Other mucosal surfaces
- Nasal deposition of some peptides can be used to induce tolerance, controlling both humoral and cellular responses
- Administration of antigen in aerosol form to the lung has been used to control both allergic and autoimmune responses
Regulatory T Cells
A number of cell populations identified during studies on autoimmunity and organ transplantation have shown the capacity to suppress responses to self-antigen and regulate rejection.
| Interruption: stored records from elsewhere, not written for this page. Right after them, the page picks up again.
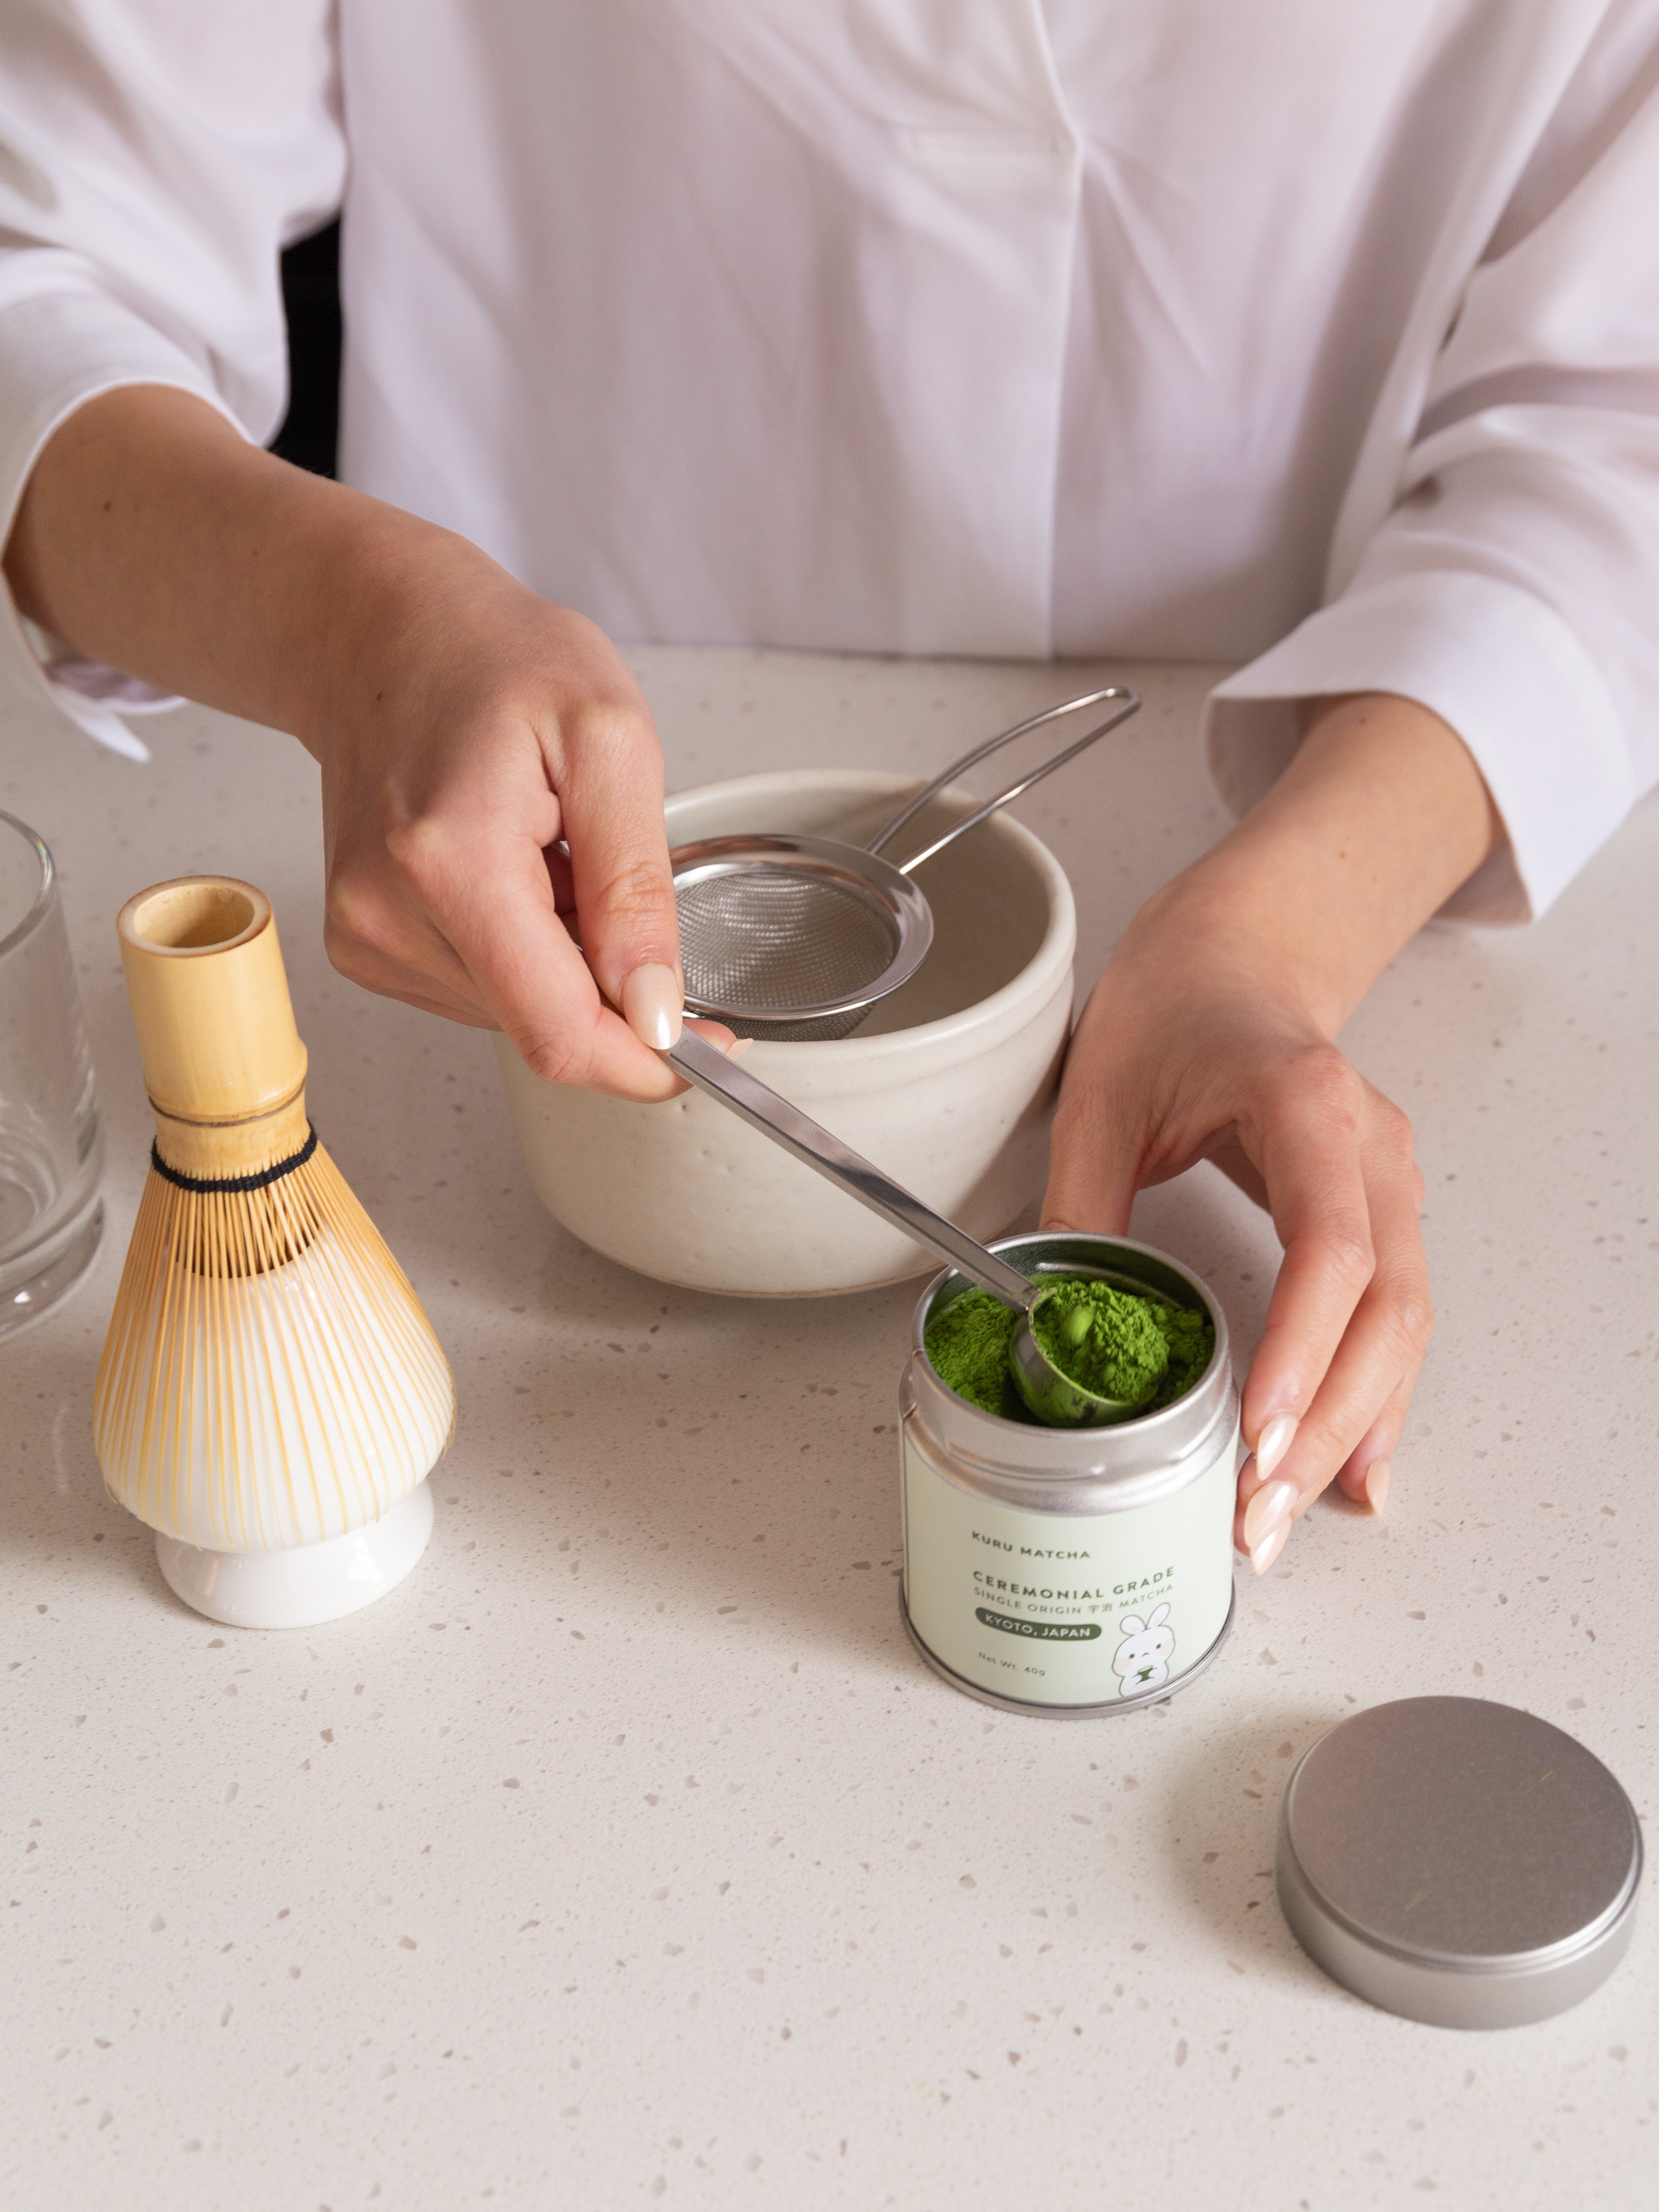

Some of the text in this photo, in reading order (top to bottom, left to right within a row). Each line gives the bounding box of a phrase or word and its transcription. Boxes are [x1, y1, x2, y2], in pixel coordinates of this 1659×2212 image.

[972, 1531, 1091, 1560] KURU MATCHA
[973, 1566, 1175, 1600] CEREMONIAL GRADE
[974, 1584, 1173, 1615] SINGLE ORIGIN 宇治 MATCHA
[985, 1613, 1091, 1638] KYOTO, JAPAN
[978, 1651, 1046, 1678] Net Wt. 40g
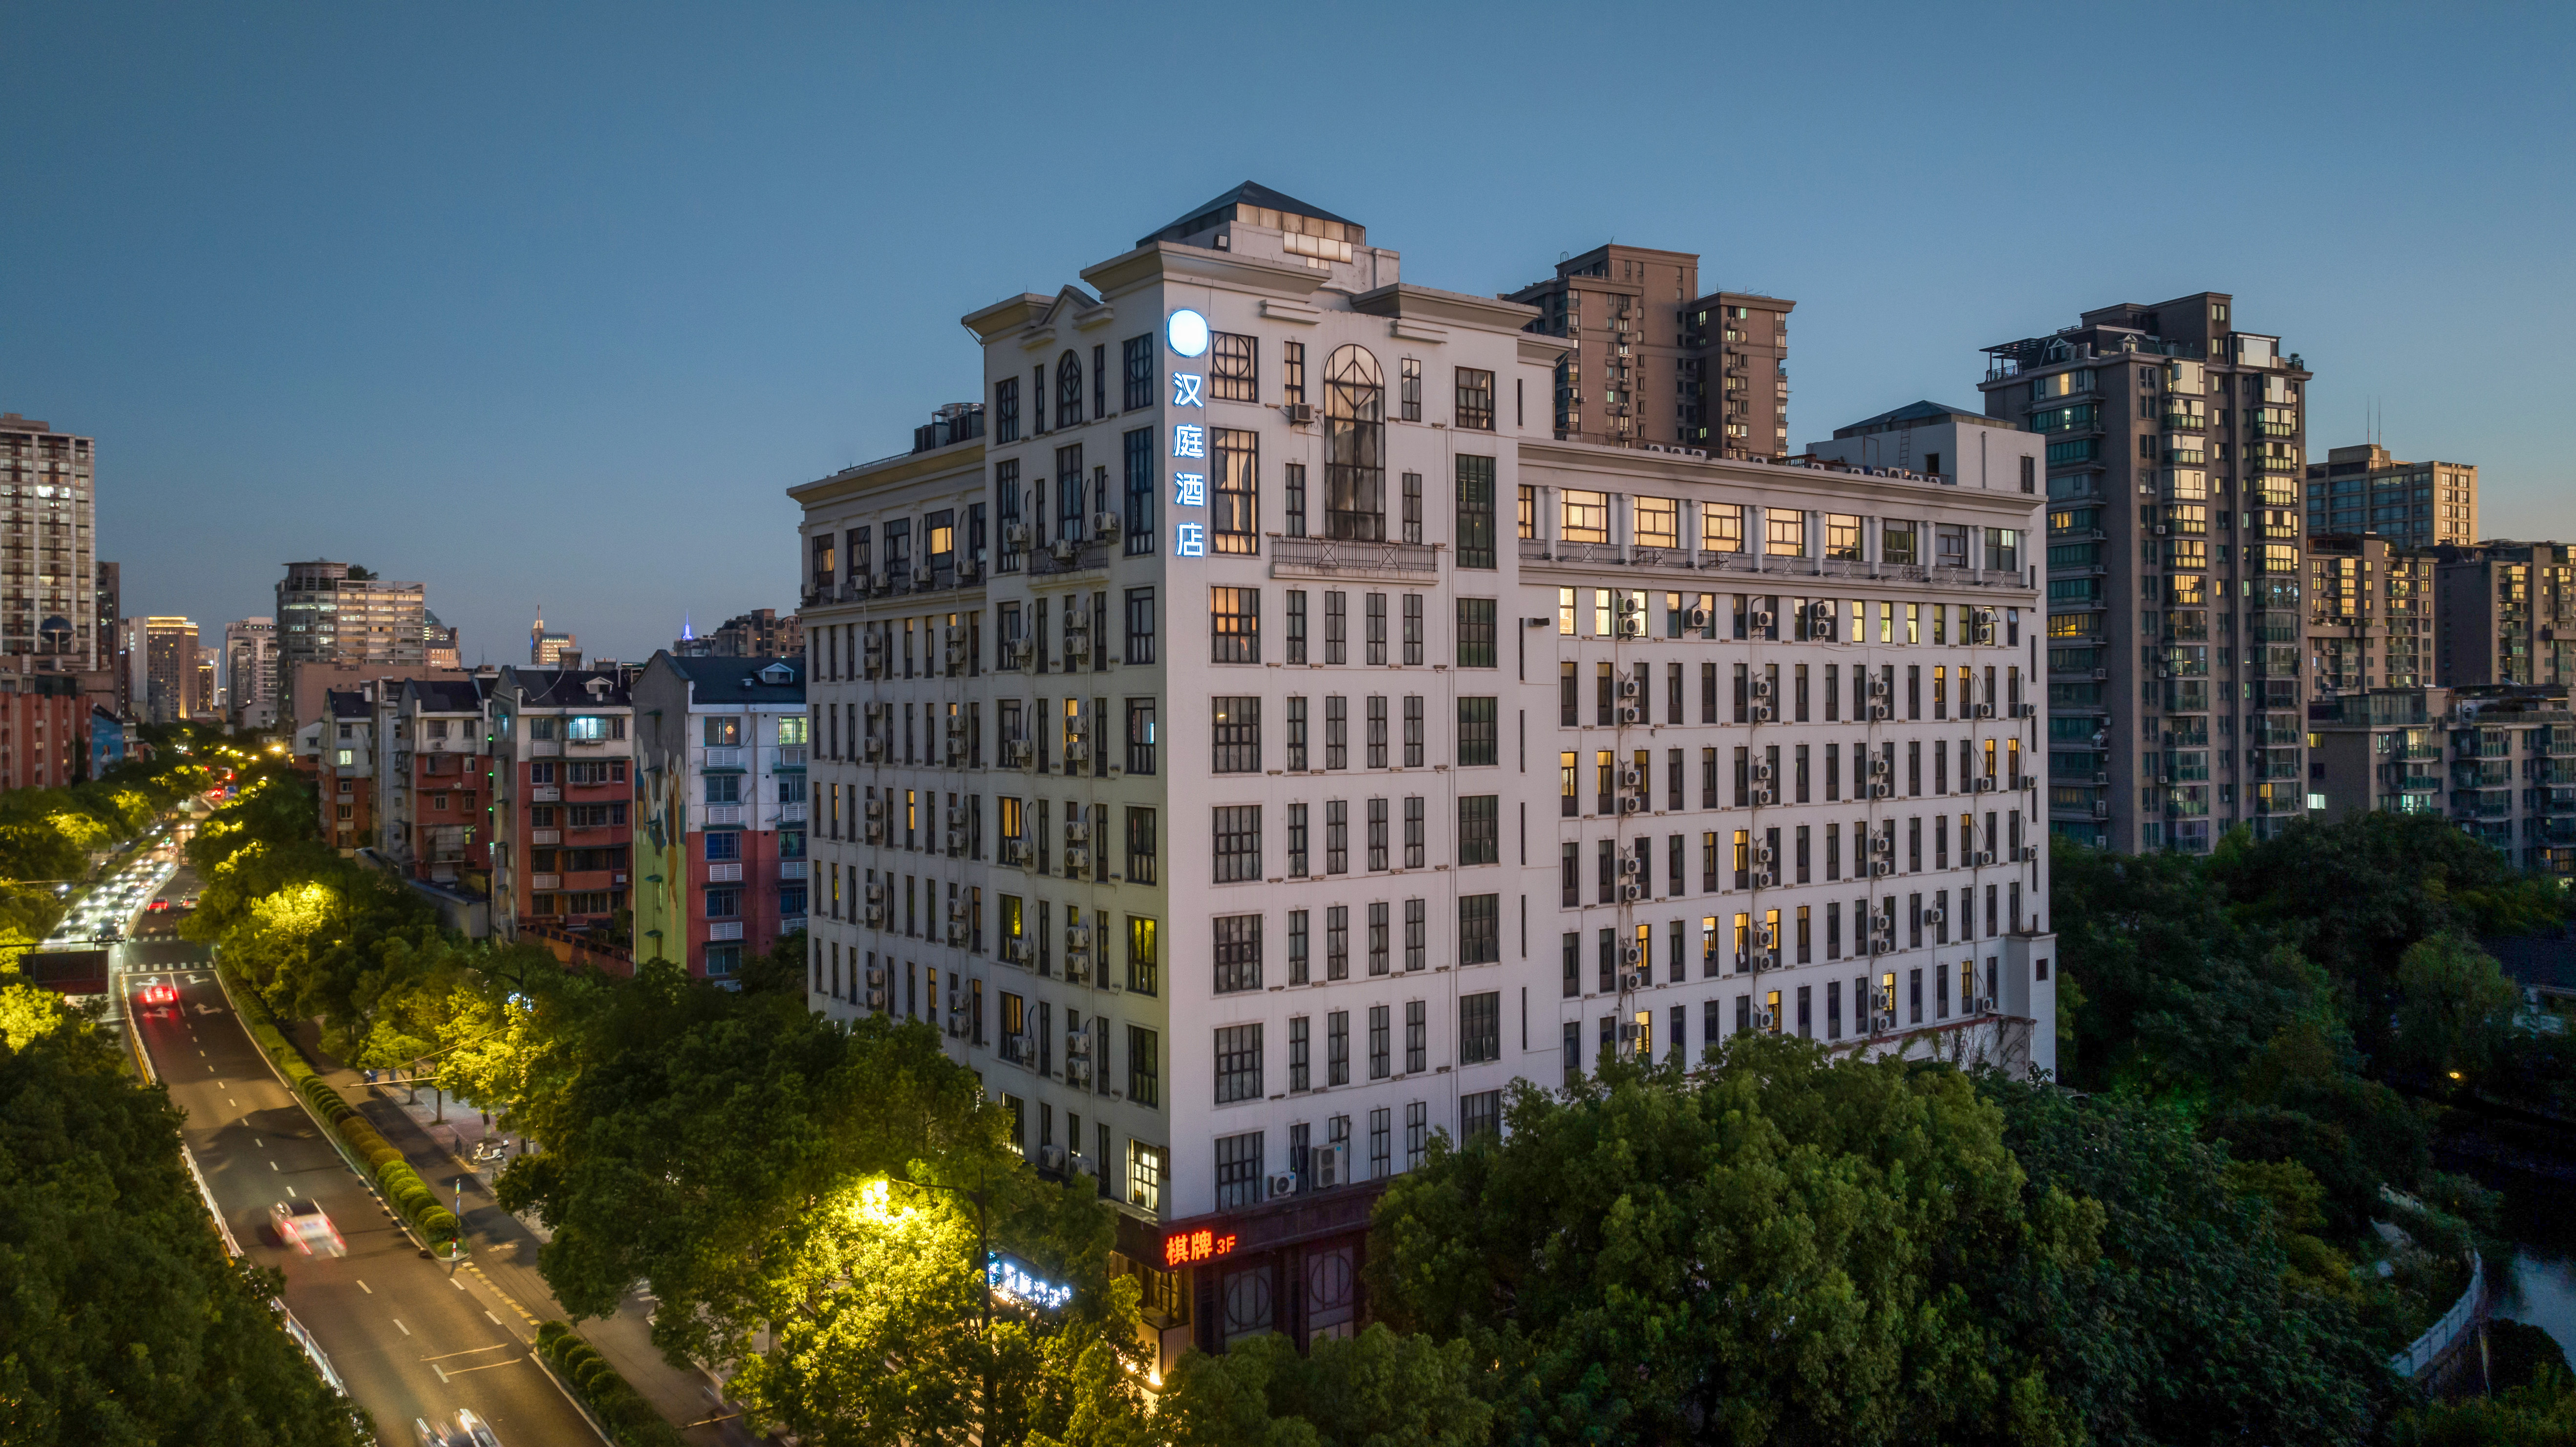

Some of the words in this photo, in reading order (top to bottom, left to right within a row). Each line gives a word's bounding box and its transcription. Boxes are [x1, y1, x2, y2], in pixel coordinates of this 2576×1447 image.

[1173, 372, 1204, 556] 汉庭酒店
[1166, 1230, 1213, 1266] 棋牌
[1217, 1235, 1235, 1254] 3F
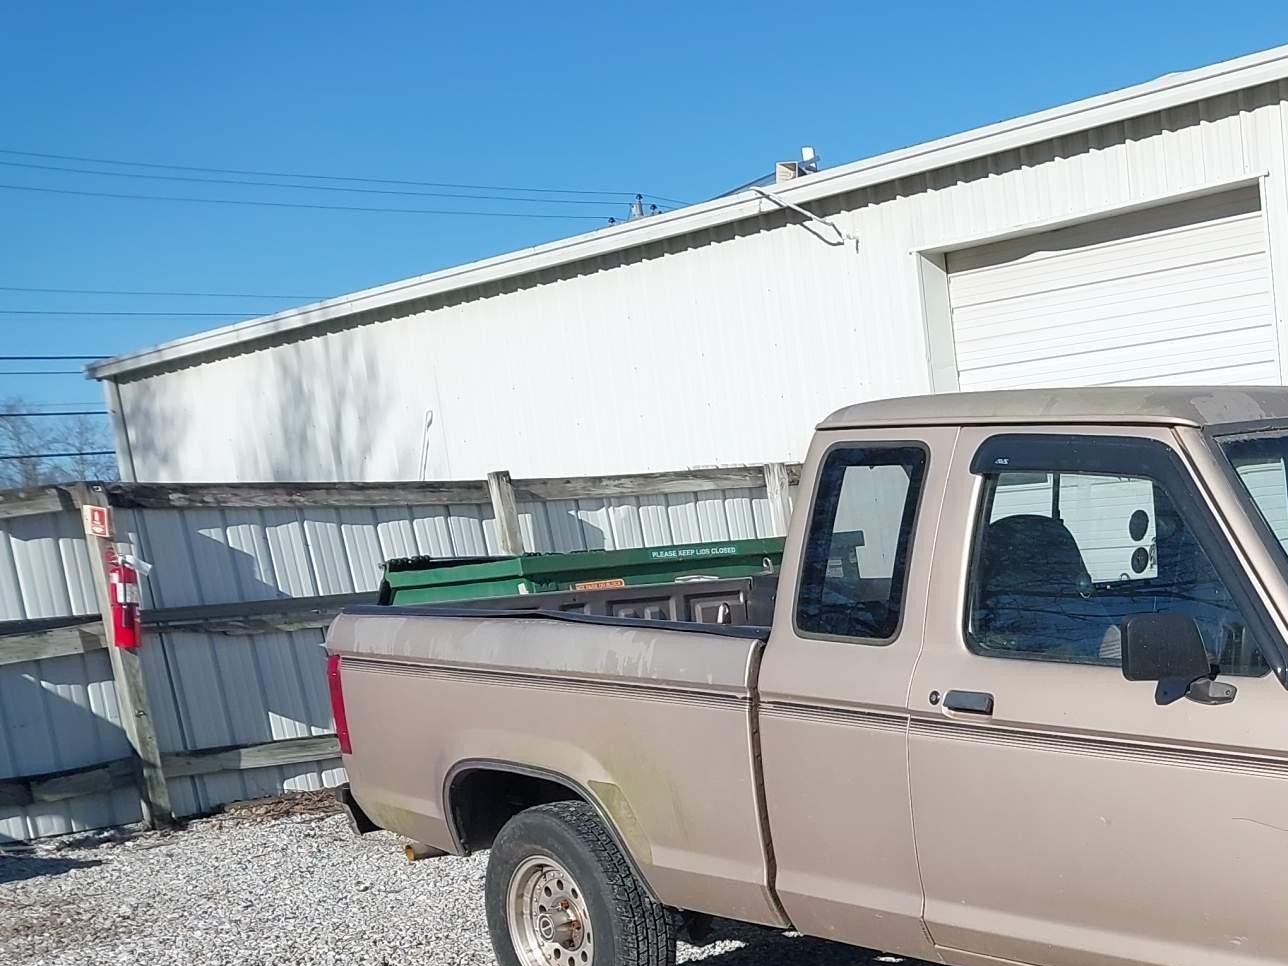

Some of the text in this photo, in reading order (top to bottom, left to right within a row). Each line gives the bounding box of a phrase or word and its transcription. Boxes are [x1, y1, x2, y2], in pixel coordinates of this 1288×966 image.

Although once considered a tentative theory, this form of tolerance is now considered a major mechanism in the protection of host tissue from immune attack.
- Known as regulatory T cells, these CD4+ cells are antigen-specific
- Currently thought to develop in the thymus
- They usually release inhibitory cytokines, e.g. IL-4, IL-10 and TGF-beta
- When their TCRs bind to an antigen, they do not proliferate themselves but suppress the proliferation of other naive T cells responding to that antigen
- Mechanism of suppression is dependent on:
- CTLA-4 on the regulatory T cell binding with B7 on the target T cell
- Both cells binding the same antigen
- Regulatory T cells are unique in their use of a transcription repressor known as FoxP3
- Encoded by a gene on the X chromosome, rare deficiencies in FoxP3 are characterised by autoimmunity, primarily towards gut tissue, the thyroid, pancreative beta-cells and the skin. Sufferers are unable to produce regulatory T cells and the only known treatment is a bone marrow transplant from a MHC-identical sibling.